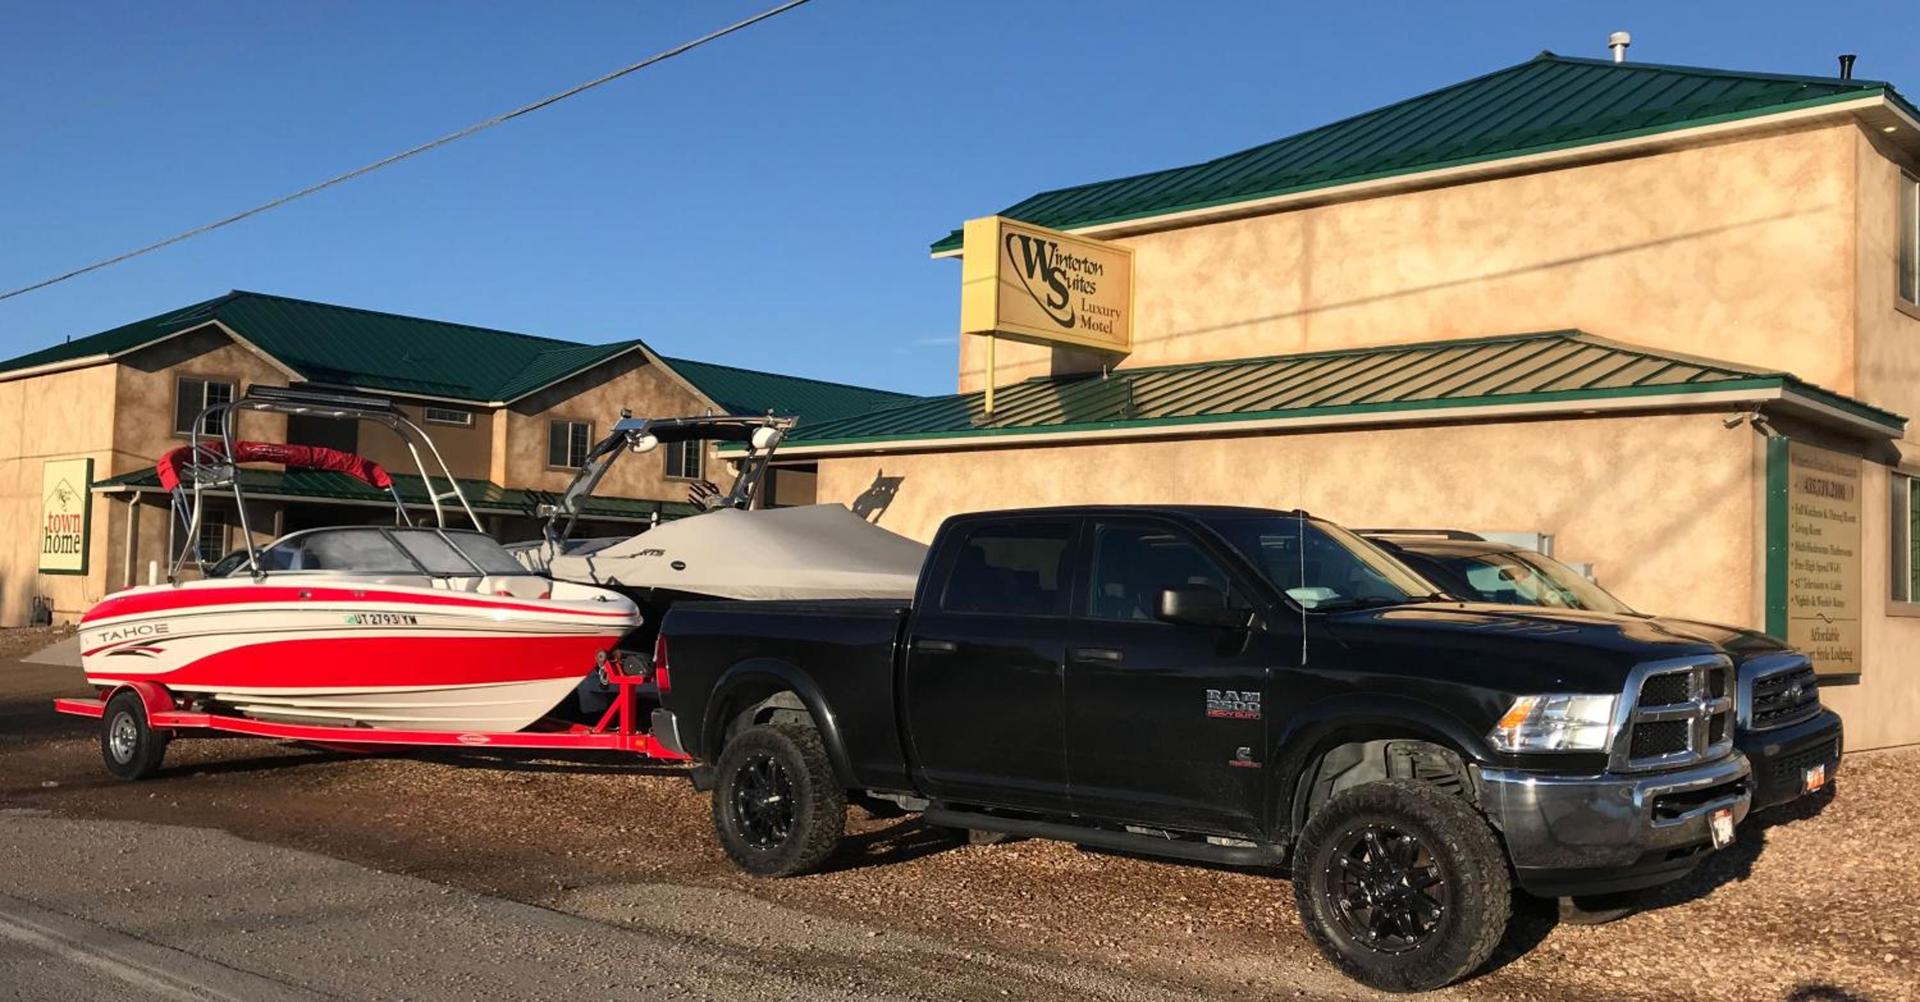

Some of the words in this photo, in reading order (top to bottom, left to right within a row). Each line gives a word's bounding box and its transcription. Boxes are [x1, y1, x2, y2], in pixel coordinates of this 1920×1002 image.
────────────────────
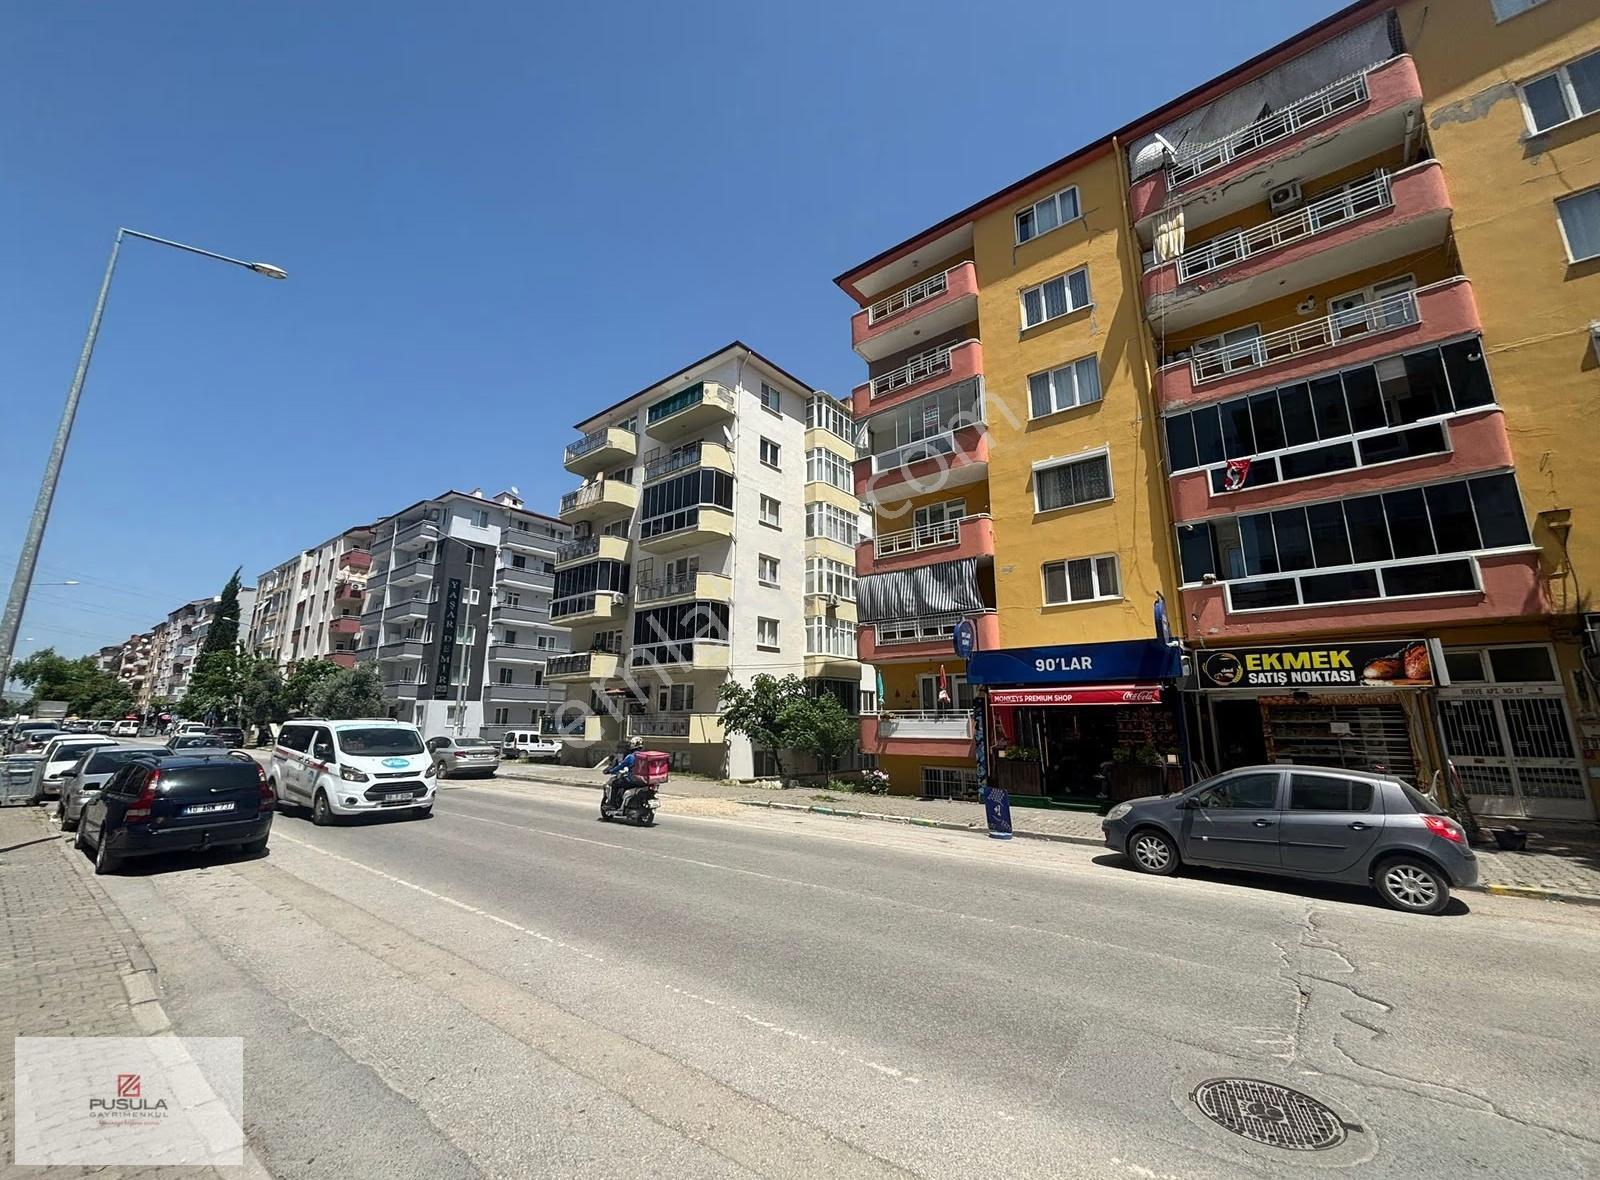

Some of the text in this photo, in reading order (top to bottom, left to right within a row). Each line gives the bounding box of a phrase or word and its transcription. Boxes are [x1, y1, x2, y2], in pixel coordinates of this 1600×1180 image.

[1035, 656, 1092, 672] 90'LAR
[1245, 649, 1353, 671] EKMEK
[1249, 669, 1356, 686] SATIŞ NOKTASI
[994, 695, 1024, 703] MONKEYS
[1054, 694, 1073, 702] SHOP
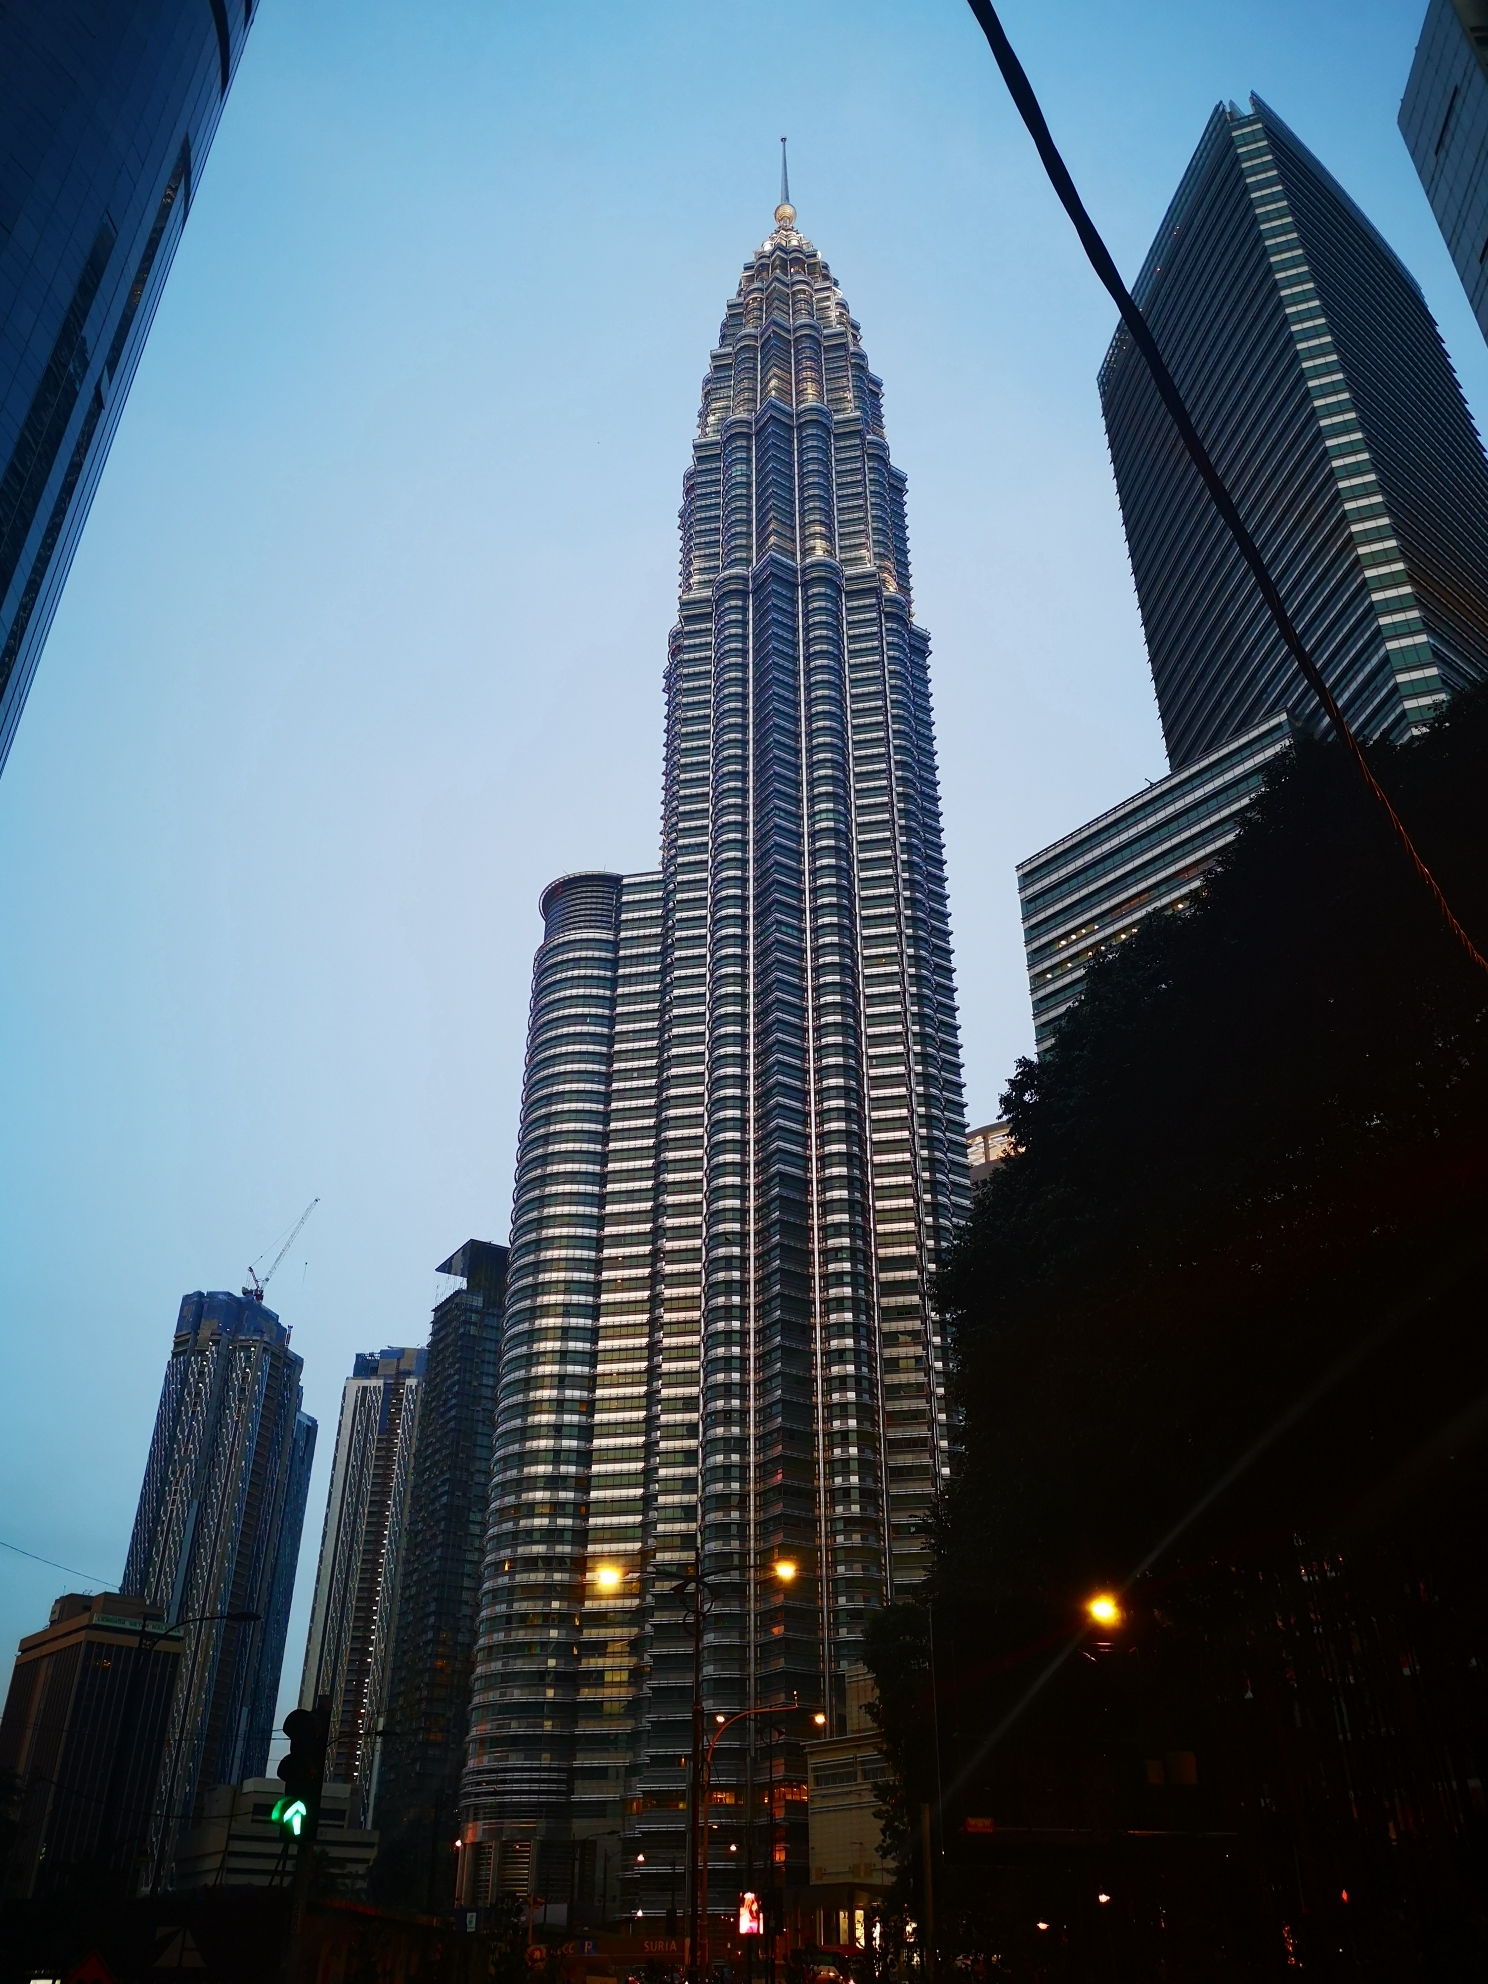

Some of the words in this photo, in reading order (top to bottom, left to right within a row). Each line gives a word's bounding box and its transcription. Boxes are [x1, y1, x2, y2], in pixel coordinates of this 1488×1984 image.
────────────────────
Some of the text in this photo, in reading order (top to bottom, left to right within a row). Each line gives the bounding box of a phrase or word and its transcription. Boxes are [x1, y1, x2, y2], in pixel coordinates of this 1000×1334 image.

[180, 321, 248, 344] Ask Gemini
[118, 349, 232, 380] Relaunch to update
────────────────────
• Your assignment
For every line of the entries holding the string "words", add one to a tally; give the final figure only.

• Reply
2